**EXERCISE GOAL**:
Set down each line of the records once more, precisely, and omit the pictures.

**MATERIAL SHOWN**:

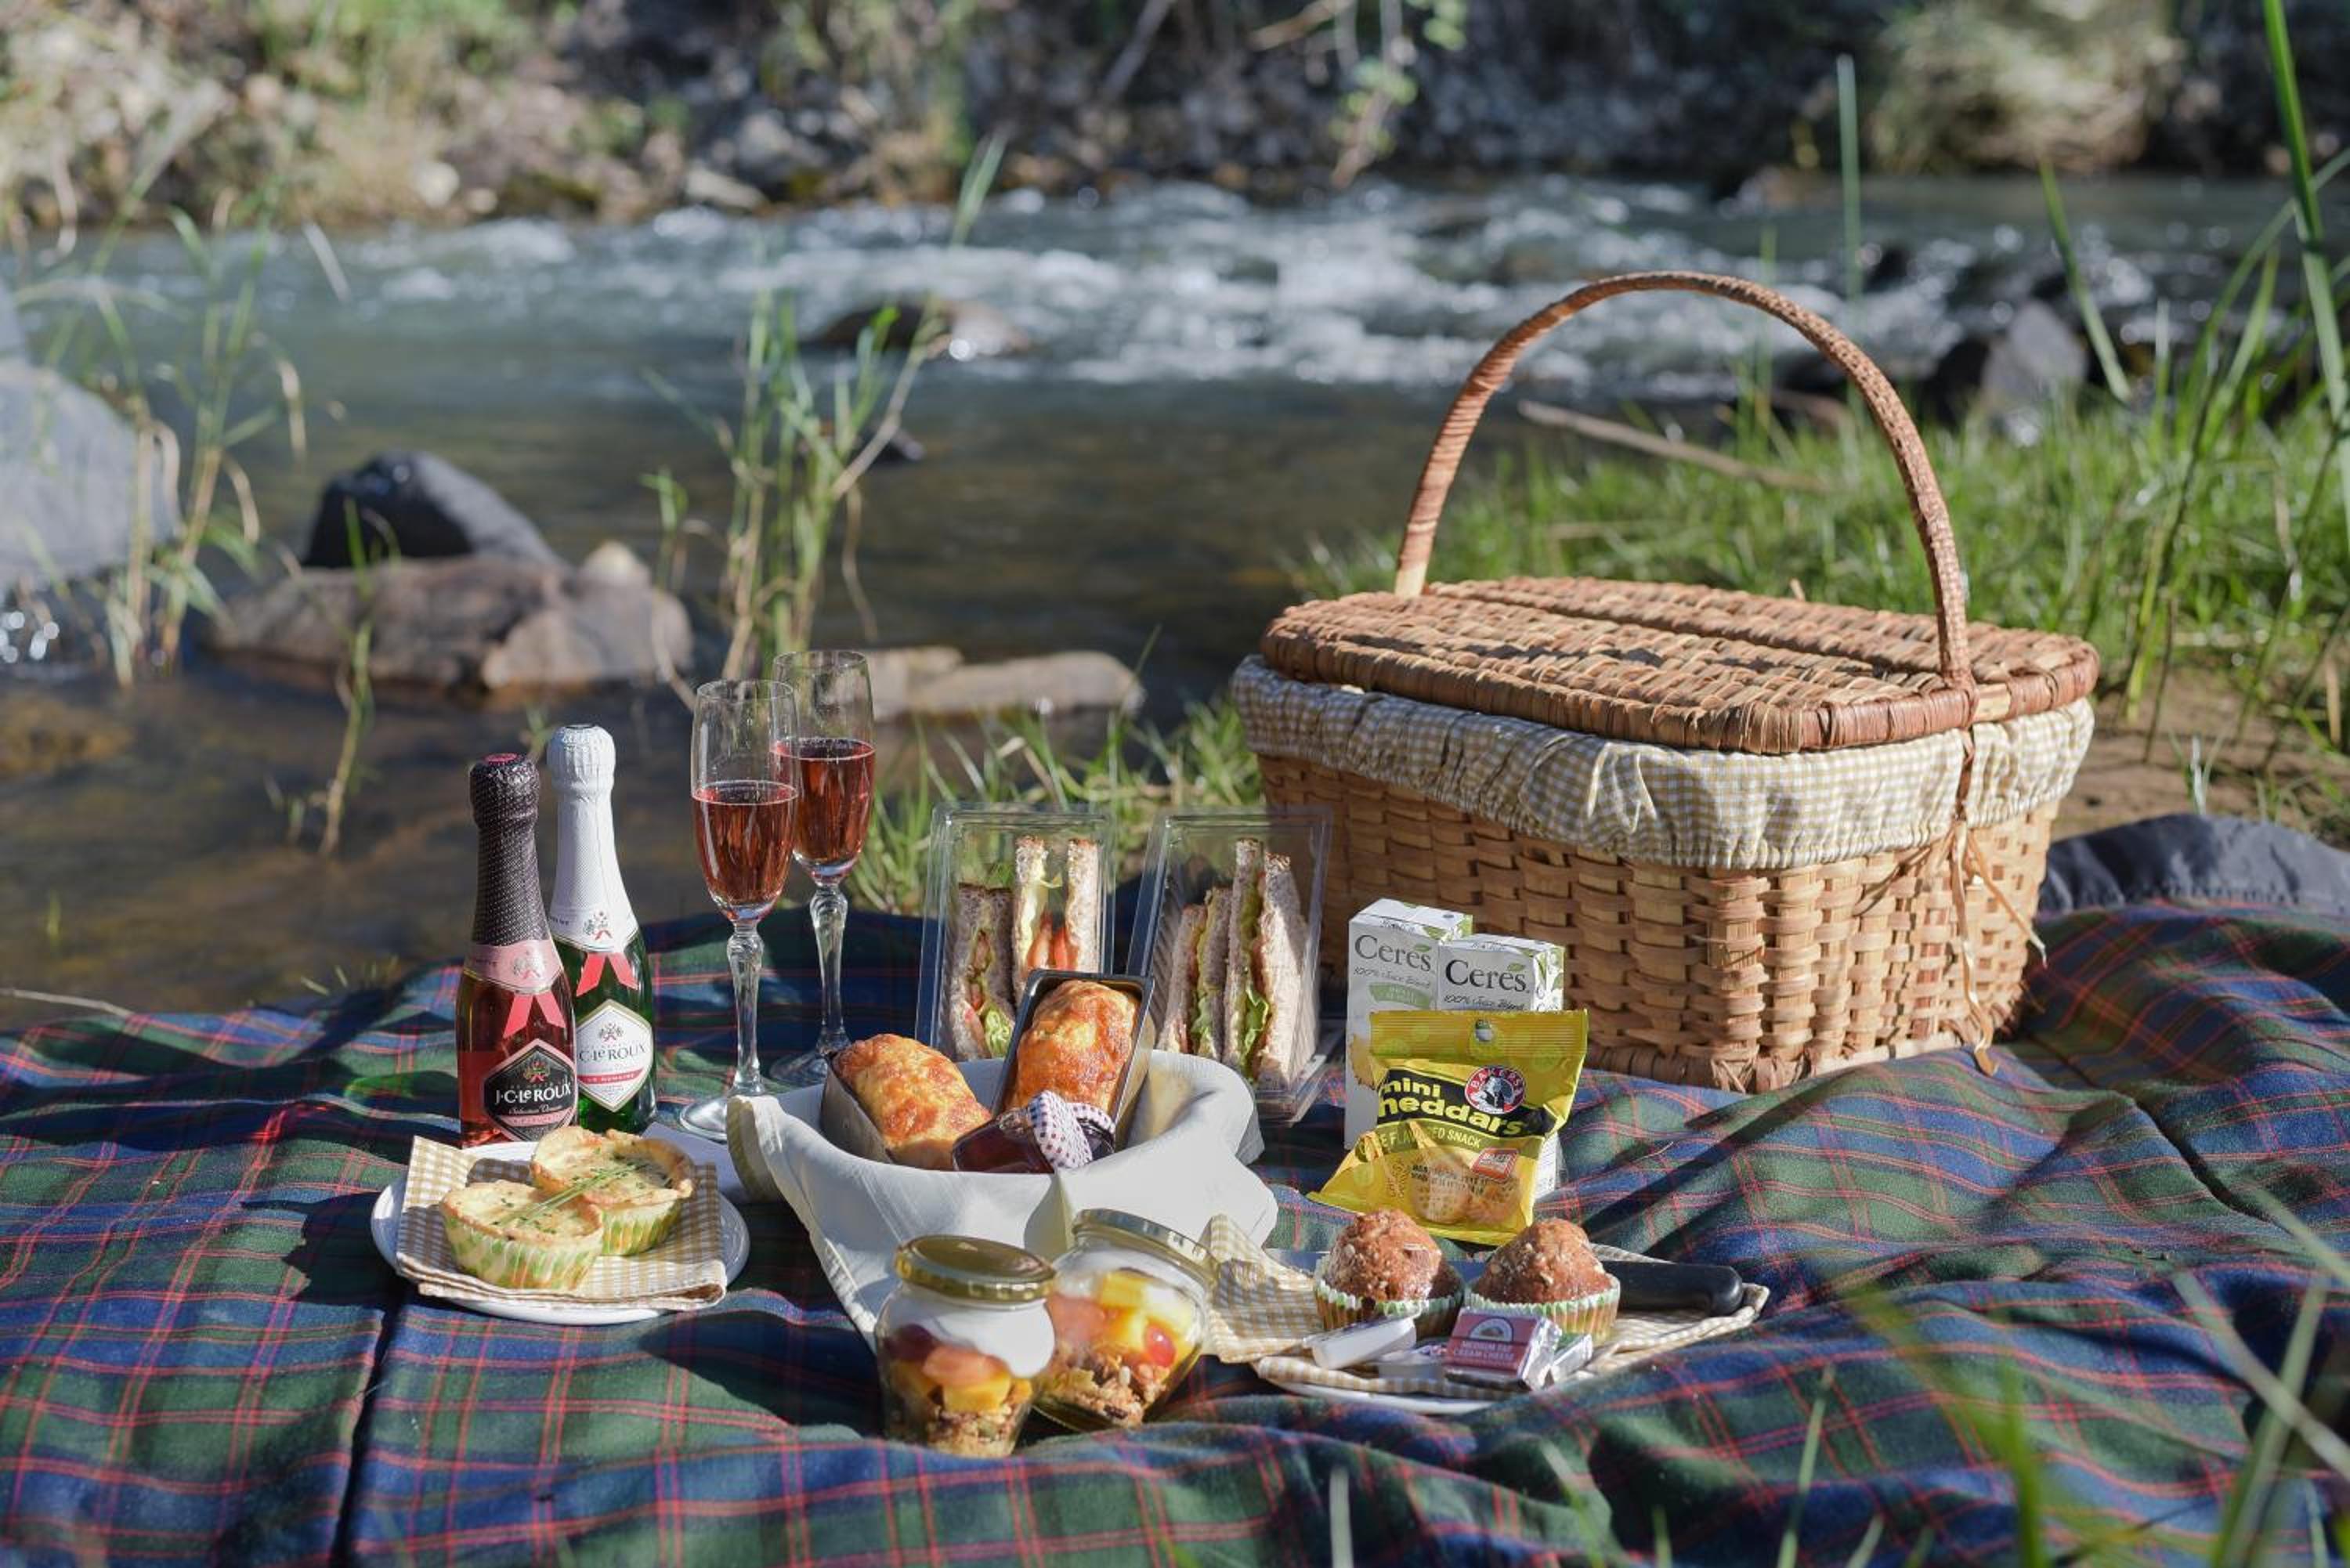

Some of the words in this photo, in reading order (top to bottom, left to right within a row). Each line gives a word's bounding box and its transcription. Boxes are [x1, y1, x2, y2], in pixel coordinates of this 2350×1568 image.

[1354, 934, 1432, 972] Ceres
[1445, 959, 1527, 992] Ceres
[1444, 994, 1470, 1005] 100%
[609, 1043, 645, 1060] ROUX
[534, 1081, 571, 1102] ROUX
[1379, 1097, 1526, 1135] heddars
[1447, 1129, 1481, 1148] SNACK
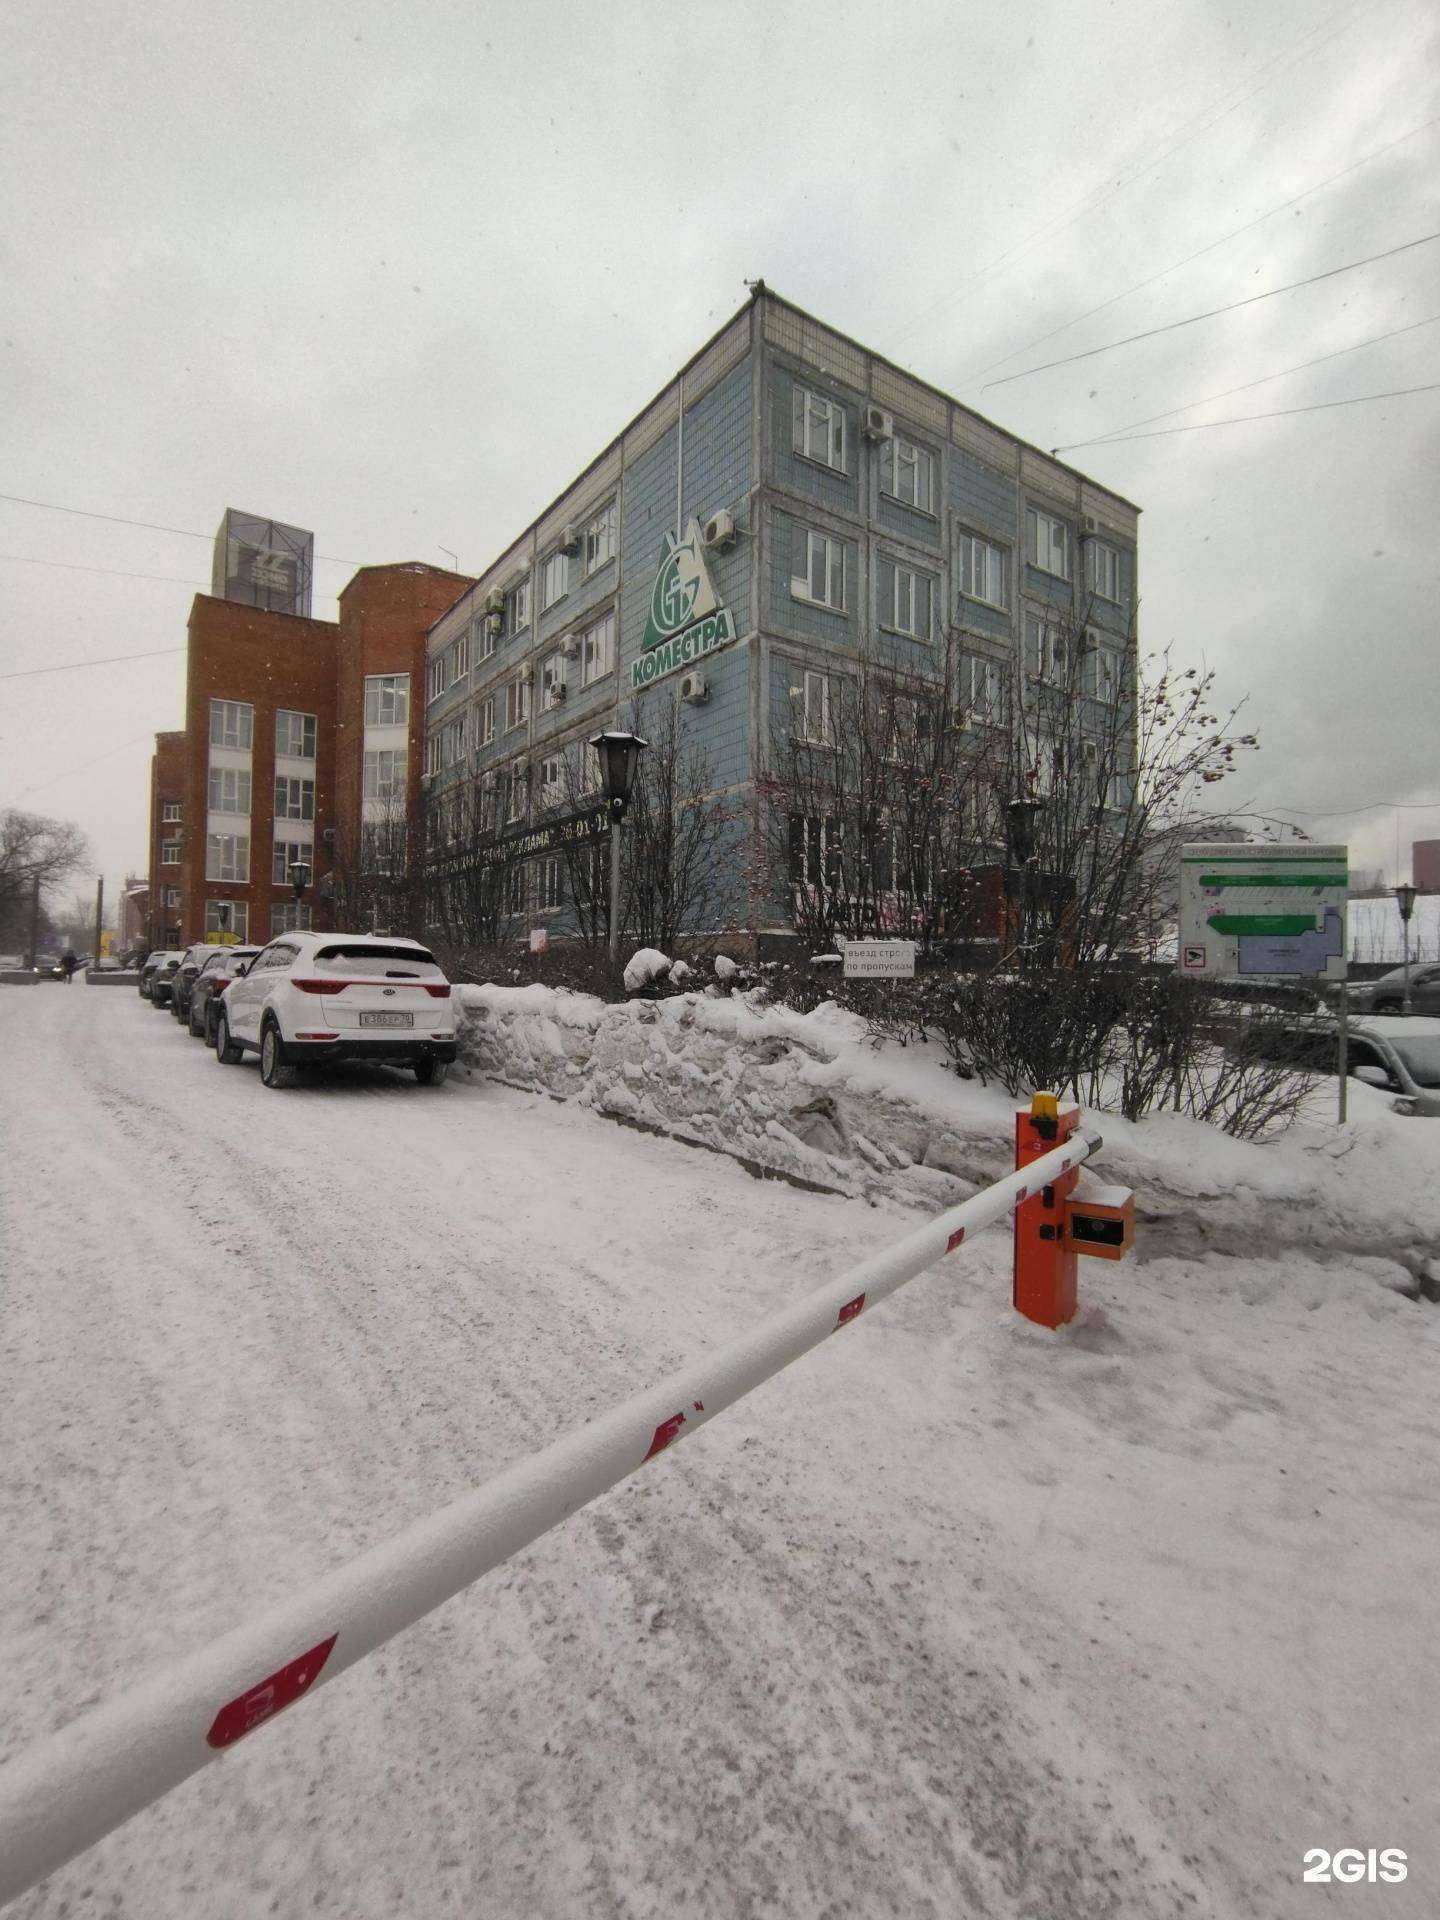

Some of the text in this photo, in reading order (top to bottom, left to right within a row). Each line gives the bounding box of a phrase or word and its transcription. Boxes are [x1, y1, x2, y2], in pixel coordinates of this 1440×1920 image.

[632, 613, 730, 687] КОМЕСТРА
[848, 950, 876, 958] въезд
[861, 963, 913, 972] пропускам
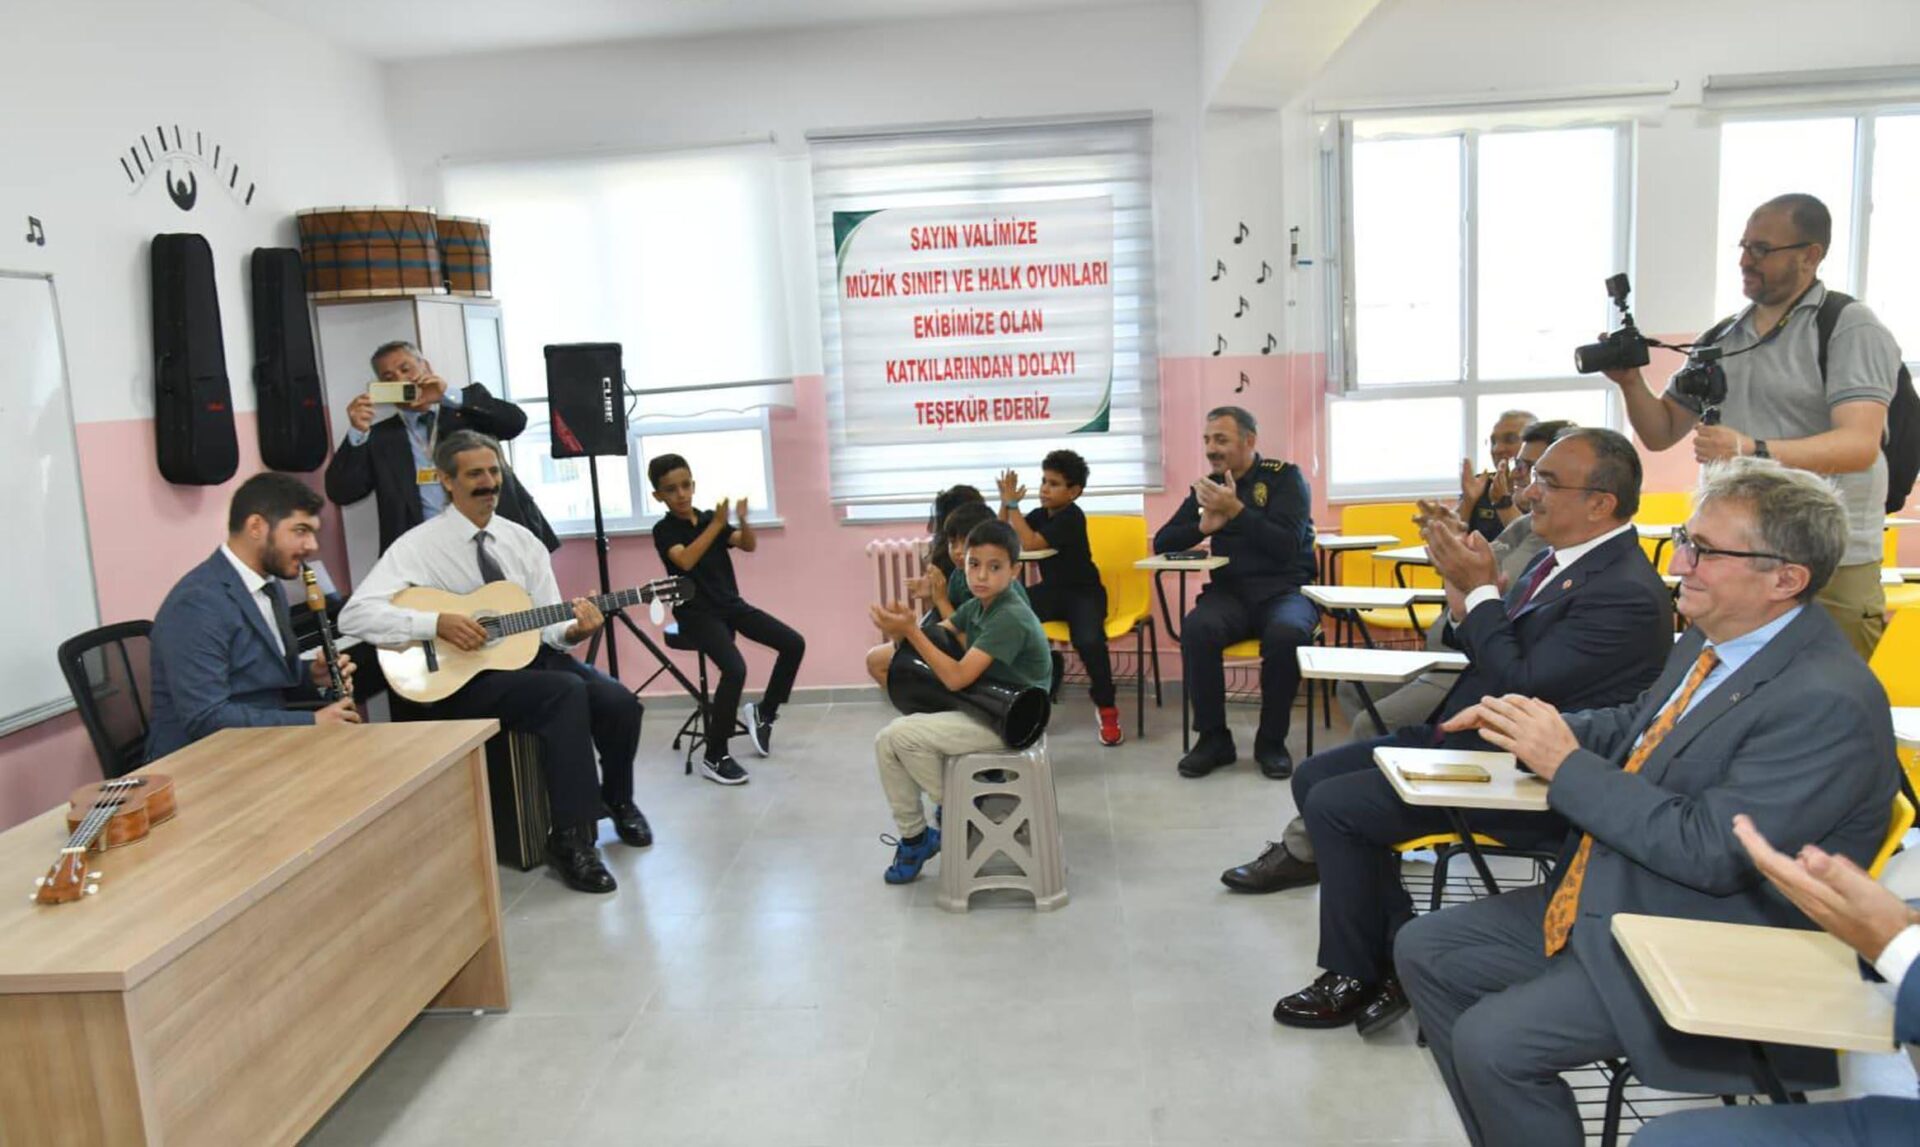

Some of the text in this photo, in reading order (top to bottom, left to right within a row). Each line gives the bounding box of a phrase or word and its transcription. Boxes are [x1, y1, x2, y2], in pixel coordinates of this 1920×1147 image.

**SOLUTION**:
Some of the words in this photo, in reading order (top to bottom, left to right within a row). Each line gives a word's bounding box and its transcription. Boxes are [x1, y1, x2, y2], in pixel coordinates of this 2350×1568 image.

[1354, 934, 1432, 972] Ceres
[1445, 959, 1527, 992] Ceres
[1444, 994, 1470, 1005] 100%
[609, 1043, 645, 1060] ROUX
[534, 1081, 571, 1102] ROUX
[1379, 1097, 1526, 1135] heddars
[1447, 1129, 1481, 1148] SNACK

Some of the text in this photo, in reading order (top to bottom, left to right within a row). Each line gives the bounding box of a phrase or word and its transcription. Boxes are [x1, y1, x2, y2], in pixel coordinates of this 1440×1920 image.

[632, 613, 730, 687] КОМЕСТРА
[848, 950, 876, 958] въезд
[861, 963, 913, 972] пропускам

Some of the text in this photo, in reading order (top to bottom, left to right within a row). Each line gives the bounding box of a phrase or word and its transcription. Boxes are [x1, y1, x2, y2], in pixel coordinates of this 1920×1147 image.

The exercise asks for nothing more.